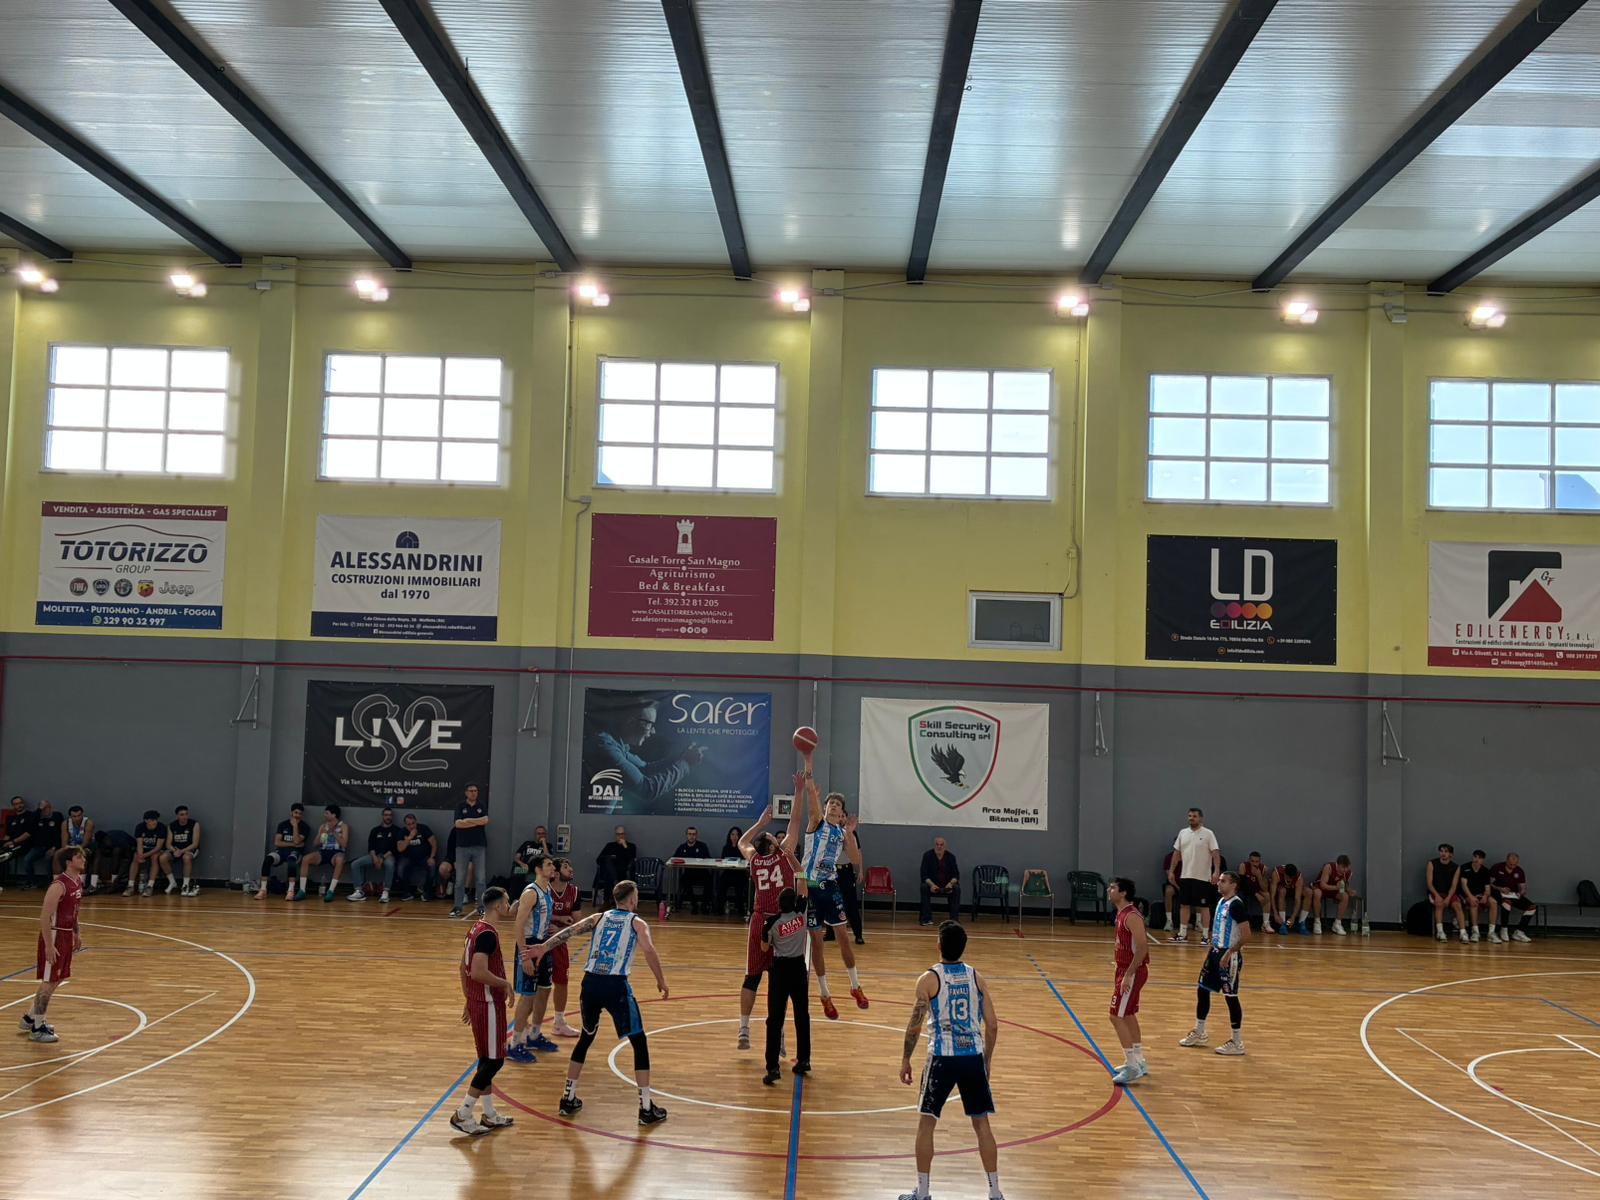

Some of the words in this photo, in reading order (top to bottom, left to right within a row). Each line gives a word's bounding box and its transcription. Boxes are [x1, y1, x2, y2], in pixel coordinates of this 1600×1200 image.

[53, 505, 88, 514] VENDITA
[96, 506, 145, 515] ASSISTENZA
[172, 508, 217, 517] SPECIALIST
[60, 540, 208, 563] TOTORIZZO
[330, 551, 483, 572] ALESSANDRINI
[628, 555, 659, 565] Casale
[661, 555, 686, 565] Torre
[687, 556, 704, 566] San
[706, 557, 740, 569] Magno
[115, 564, 151, 574] GROUP
[649, 569, 716, 581] Agriturismo
[1210, 548, 1274, 601] LD
[332, 574, 404, 585] COSTRUZIONI
[408, 576, 481, 587] IMMOBILIARI
[159, 581, 195, 597] Jeep
[639, 582, 658, 591] Bed
[662, 582, 670, 591] &
[674, 583, 726, 592] Breakfast
[381, 589, 398, 599] dal
[402, 590, 430, 600] 1970
[648, 598, 662, 606] Tel.
[43, 605, 85, 613] MOLFETTA
[91, 605, 139, 615] PUTIGNANO
[146, 607, 177, 615] ANDRIA
[184, 608, 216, 617] FOGGIA
[103, 617, 120, 625] 329
[149, 618, 166, 626] 997
[1456, 623, 1564, 640] EDILENERGY
[668, 694, 766, 725] Safer
[944, 721, 991, 732] Security
[919, 730, 976, 741] Consulting
[592, 785, 619, 796] DAI
[1021, 816, 1039, 824] (BA)
[756, 865, 784, 890] 24
[808, 918, 817, 927] 24
[606, 930, 616, 946] 7
[951, 998, 968, 1021] 13
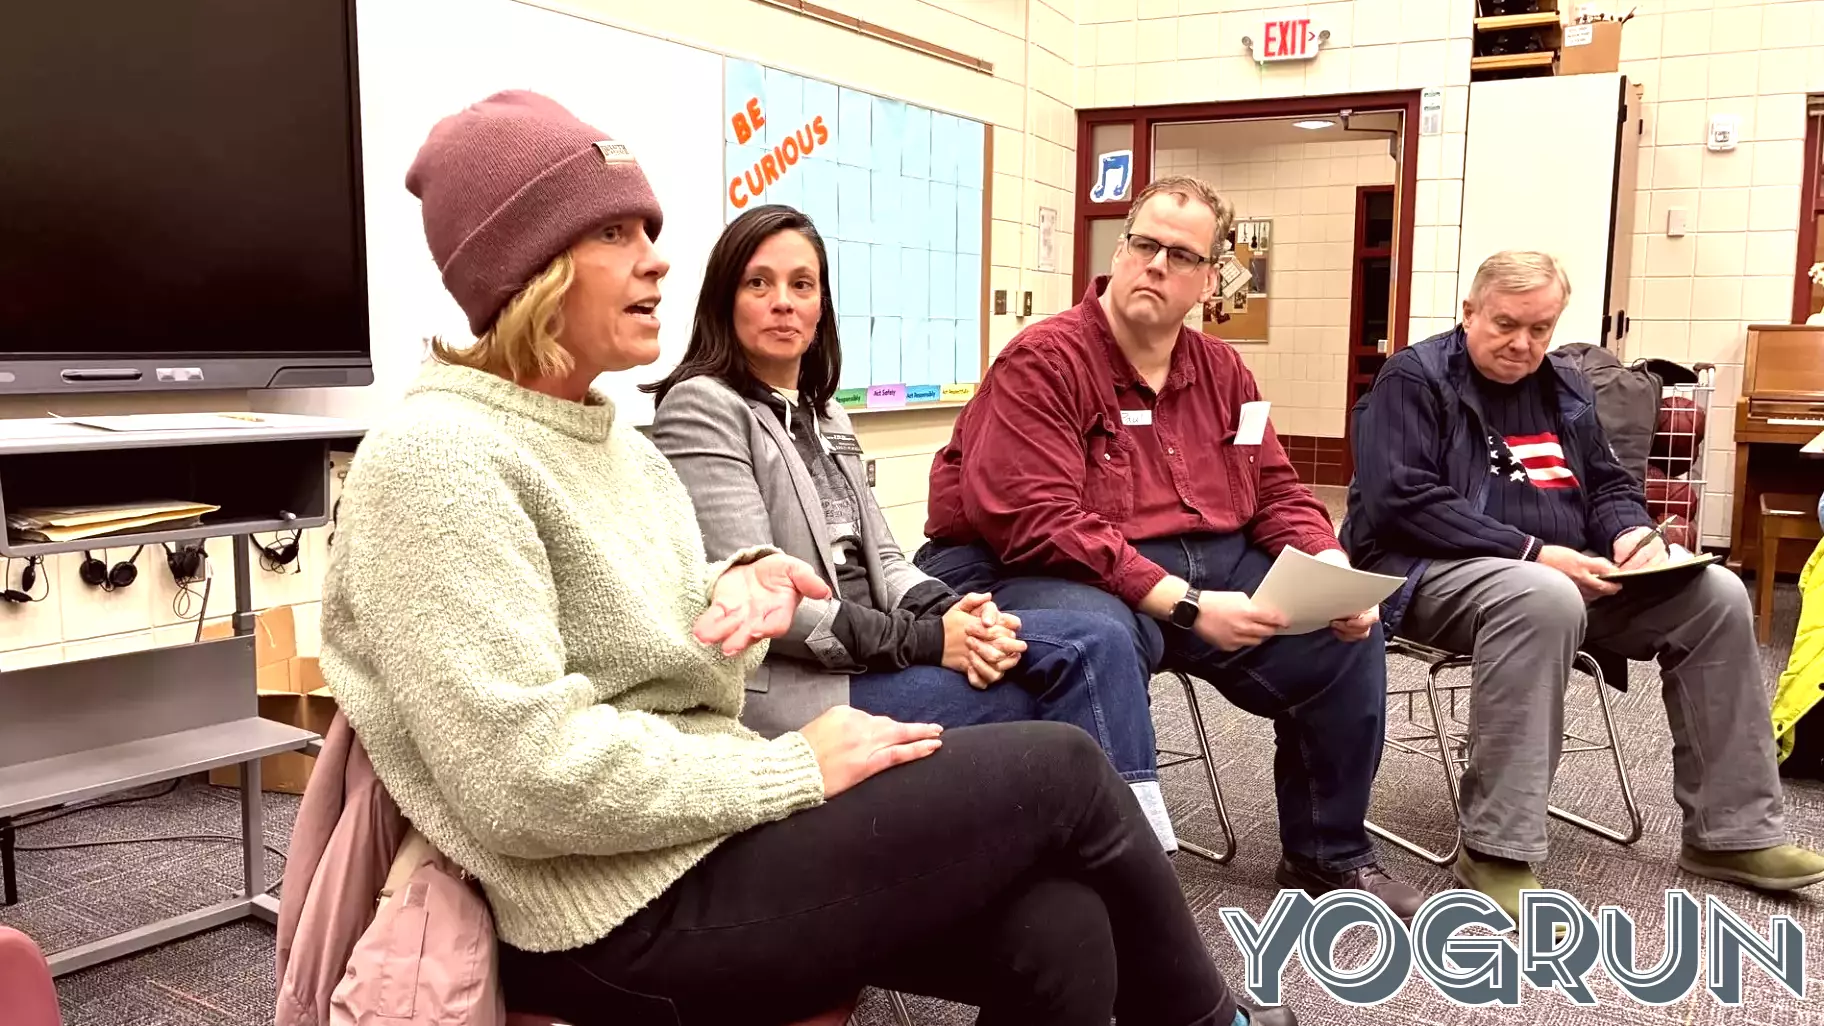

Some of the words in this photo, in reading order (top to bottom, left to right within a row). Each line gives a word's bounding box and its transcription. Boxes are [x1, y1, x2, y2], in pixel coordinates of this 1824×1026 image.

----------------

- WHAT IS NEEDED
Without including any picture, output all the material exactly as it appears.

- OUTPUT FOR THIS TASK
Some of the words in this photo, in reading order (top to bottom, left to right within a row). Each line gives a word's bounding box and its transcription. Boxes are [x1, y1, x2, y2], in pixel coordinates of this 1600×1200 image.

[53, 505, 88, 514] VENDITA
[96, 506, 145, 515] ASSISTENZA
[172, 508, 217, 517] SPECIALIST
[60, 540, 208, 563] TOTORIZZO
[330, 551, 483, 572] ALESSANDRINI
[628, 555, 659, 565] Casale
[661, 555, 686, 565] Torre
[687, 556, 704, 566] San
[706, 557, 740, 569] Magno
[115, 564, 151, 574] GROUP
[649, 569, 716, 581] Agriturismo
[1210, 548, 1274, 601] LD
[332, 574, 404, 585] COSTRUZIONI
[408, 576, 481, 587] IMMOBILIARI
[159, 581, 195, 597] Jeep
[639, 582, 658, 591] Bed
[662, 582, 670, 591] &
[674, 583, 726, 592] Breakfast
[381, 589, 398, 599] dal
[402, 590, 430, 600] 1970
[648, 598, 662, 606] Tel.
[43, 605, 85, 613] MOLFETTA
[91, 605, 139, 615] PUTIGNANO
[146, 607, 177, 615] ANDRIA
[184, 608, 216, 617] FOGGIA
[103, 617, 120, 625] 329
[149, 618, 166, 626] 997
[1456, 623, 1564, 640] EDILENERGY
[668, 694, 766, 725] Safer
[944, 721, 991, 732] Security
[919, 730, 976, 741] Consulting
[592, 785, 619, 796] DAI
[1021, 816, 1039, 824] (BA)
[756, 865, 784, 890] 24
[808, 918, 817, 927] 24
[606, 930, 616, 946] 7
[951, 998, 968, 1021] 13

Some of the words in this photo, in reading order (top to bottom, left to right within a row). Each line gives a word's bounding box and its transcription. Boxes are [x1, y1, x2, y2], in pixel coordinates of this 1824×1026 image.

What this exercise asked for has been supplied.